Tras el fracaso, la empresa caía más de un 16% en Wall Street el martes hacia las 15h30 GMT.

"Hemos inspirado a millones de personas, y seguiremos intentando inspirar a otros (...) Sí, el espacio es difícil, pero no hemos hecho más que empezar", declaró Melissa Thorpe, directora del Spaceport de Cornualles.

- Una base en Escocia -

Si la misión hubiera tenido éxito, el Reino Unido se habría convertido en el noveno país del mundo capaz de poner satélites en órbita.

Lanzar un cohete desde un avión es más sencillo que un despegue vertical porque, en teoría, basta con una simple pista para aviones, en lugar de una costosa plataforma de lanzamiento espacial.

Virgin Orbit ya ha puesto en órbita otros cohetes desde aviones. La compañía, fundada en 2017, logró poner un cohete en el espacio con este método en enero de 2021, desde un Boeing 747 que partió del desierto de California.

El lanzamiento frustrado iba a poner en órbita nueve satélites con diversos fines, "desde la observación de la Tierra a la vigilancia de la pesca ilegal, pasando por la construcción de satélites y productos para fabricarlos en el espacio", según Melissa Thorpe.

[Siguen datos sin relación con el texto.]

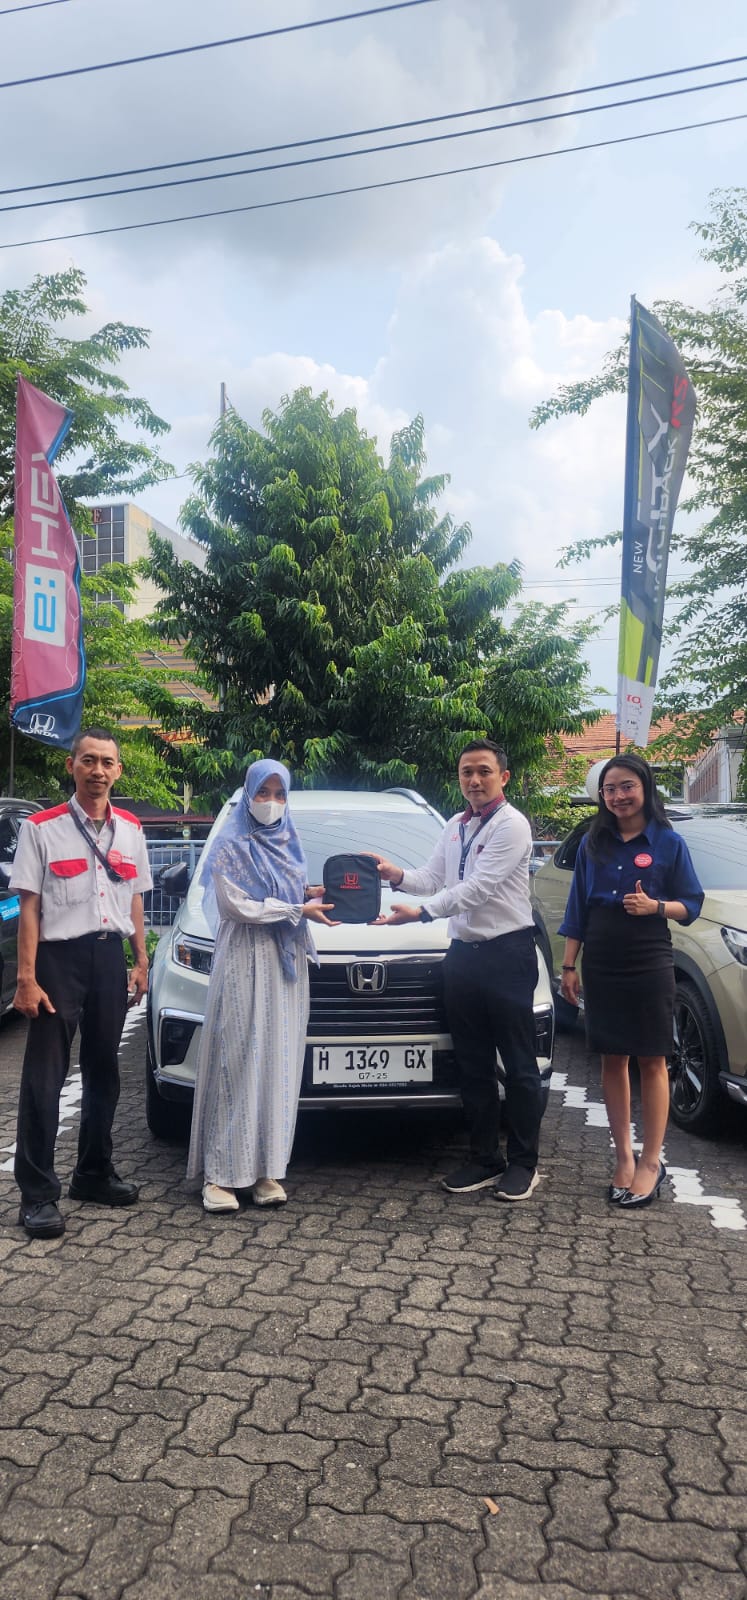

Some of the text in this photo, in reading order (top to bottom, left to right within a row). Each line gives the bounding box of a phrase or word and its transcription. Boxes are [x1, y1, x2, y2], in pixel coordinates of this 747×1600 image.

Hasta ahora, los satélites británicos tenían que lanzarse al espacio desde el extranjero, pero el país busca reforzar su industria aeroespacial después de que su papel en los proyectos europeos quedara en entredicho por el Brexit.

Además del puerto espacial de Cornualles, el Reino Unido quiere abrir una base espacial en Sutherland, al norte de Escocia, y otra en una isla del archipiélago de las Shetland.